(Collected data)
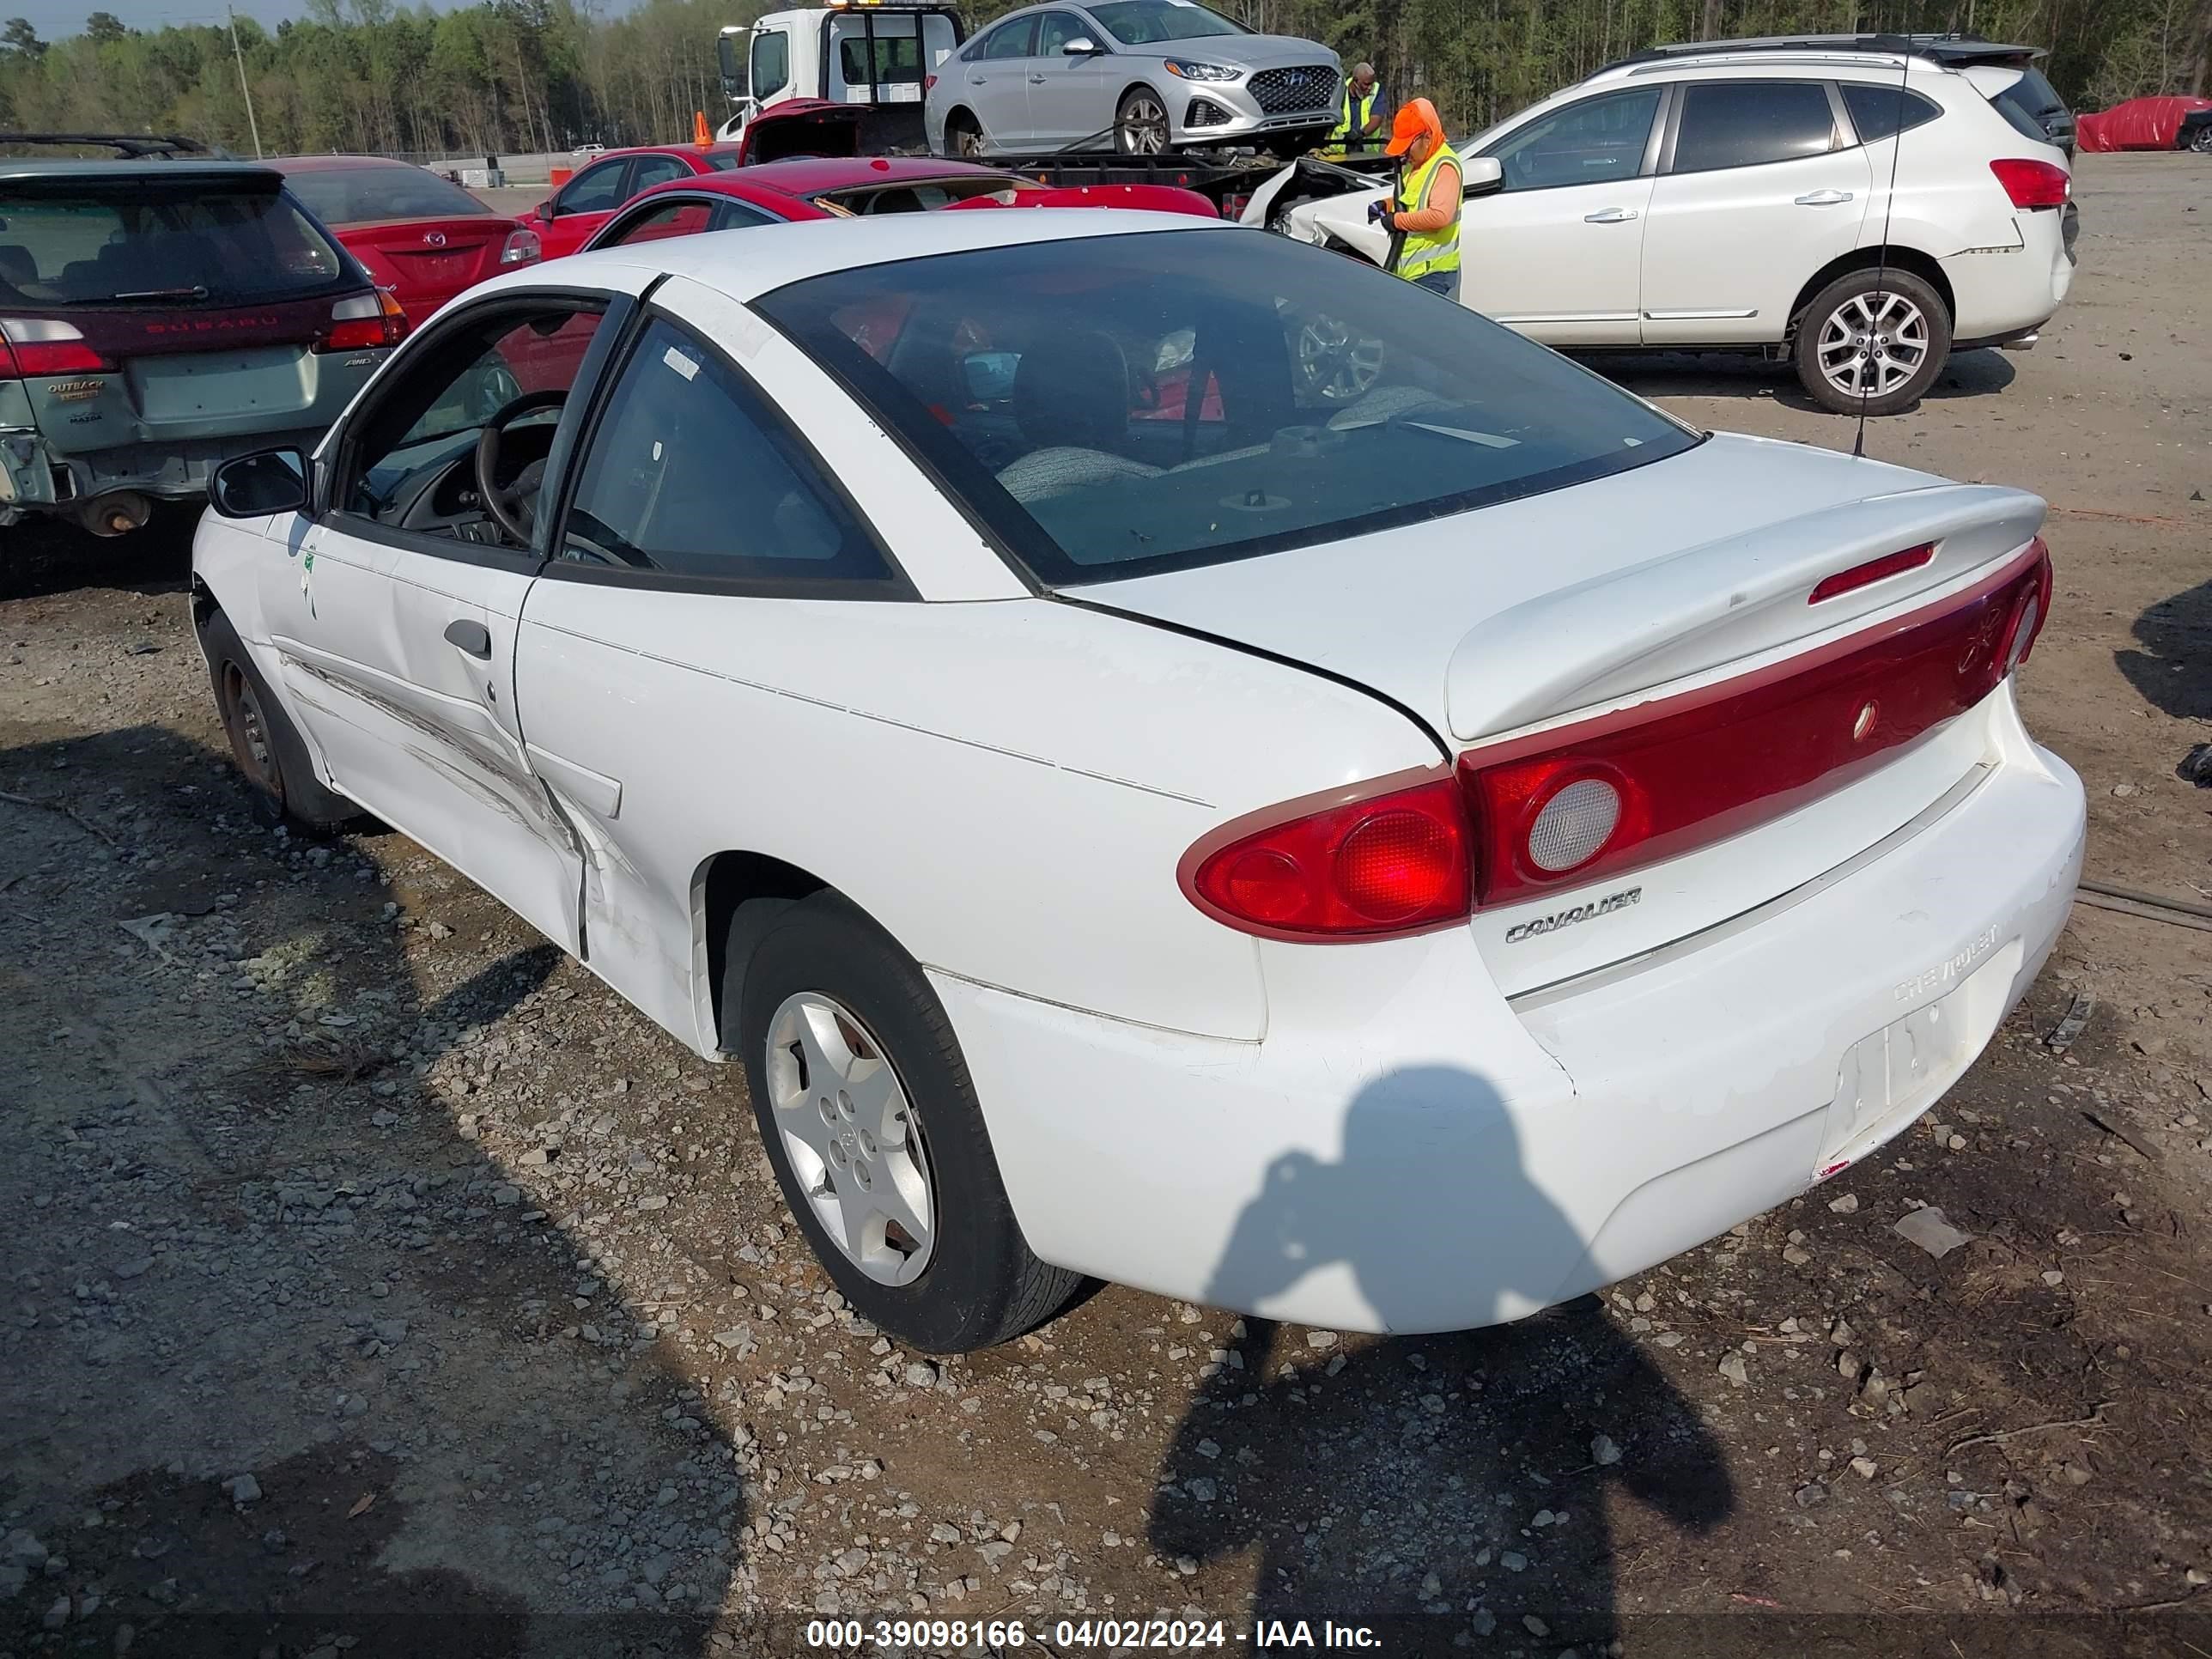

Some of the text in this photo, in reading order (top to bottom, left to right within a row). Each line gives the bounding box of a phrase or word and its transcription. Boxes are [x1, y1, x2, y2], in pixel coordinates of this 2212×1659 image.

[146, 315, 278, 334] SUBARU
[343, 358, 372, 367] AWD
[47, 380, 104, 393] OUTBACK
[69, 414, 103, 424] MAZDA
[1505, 885, 1643, 944] CAVALIER
[1893, 923, 1997, 1002] CHEVROLET
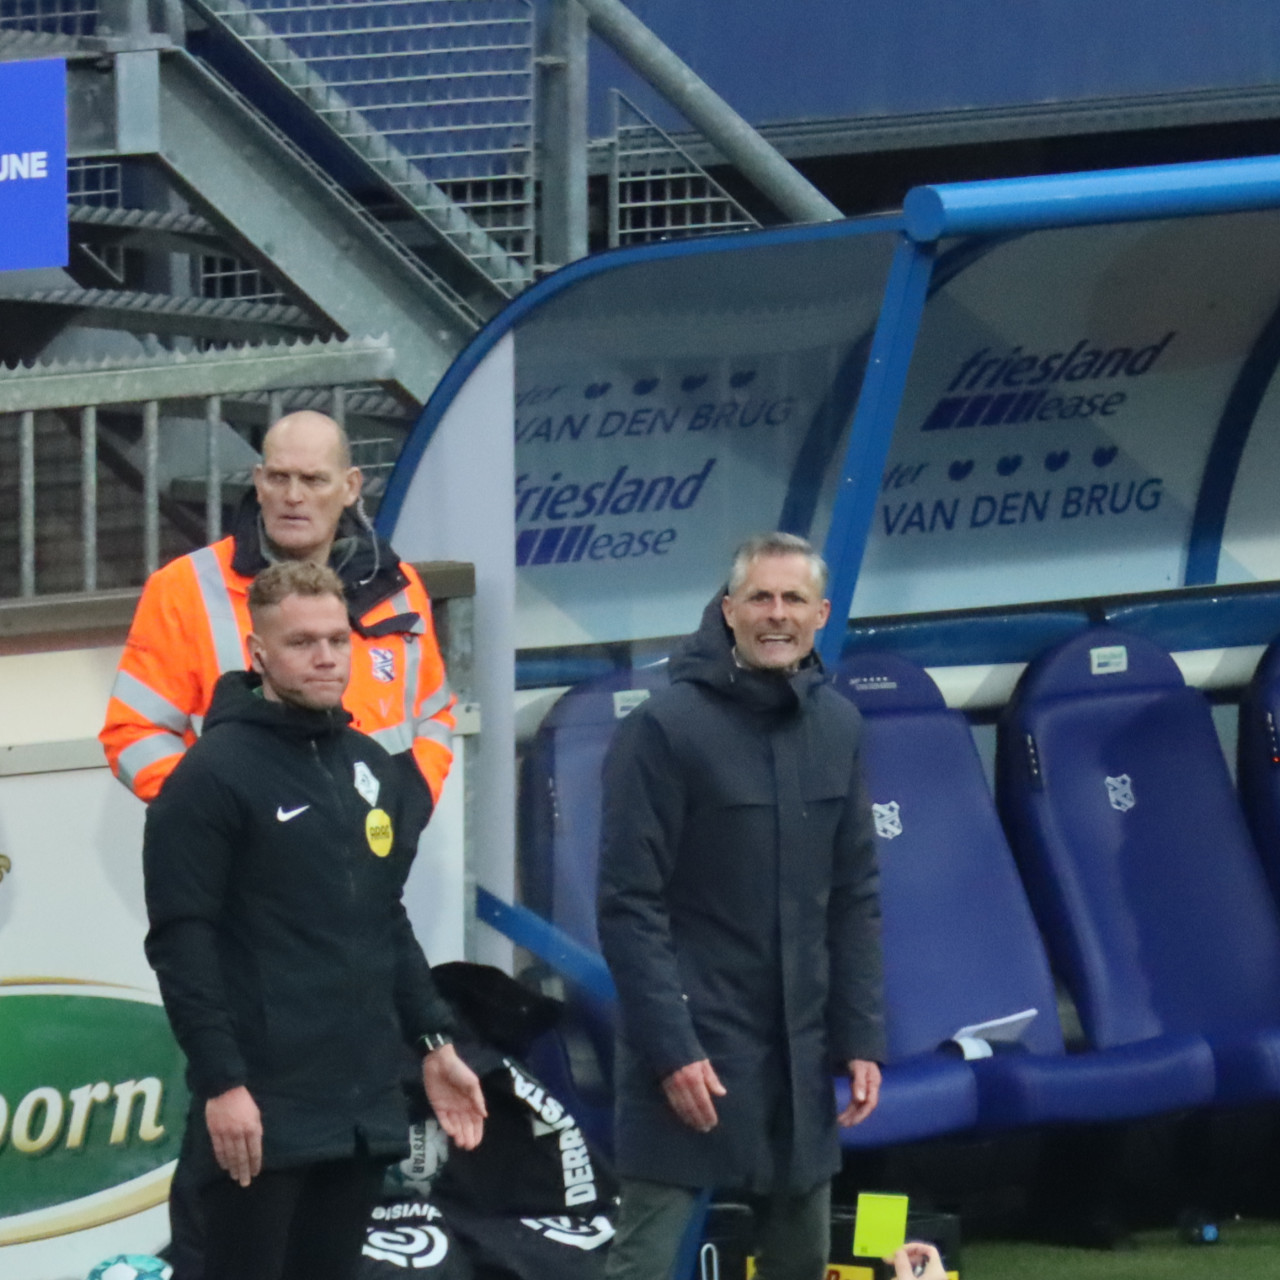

_Problem description_
Line by line, write out the entries exactly, and leave the pictures out.

_Expected answer_
Some of the text in this photo, in reading order (top to bottom, left to right within a row). Each line gives the bounding box of a phrase or word and its transcription. Boxes are [x1, y1, x2, y2], in pixel coordinates of this 2212×1659 image.

[146, 315, 278, 334] SUBARU
[343, 358, 372, 367] AWD
[47, 380, 104, 393] OUTBACK
[69, 414, 103, 424] MAZDA
[1505, 885, 1643, 944] CAVALIER
[1893, 923, 1997, 1002] CHEVROLET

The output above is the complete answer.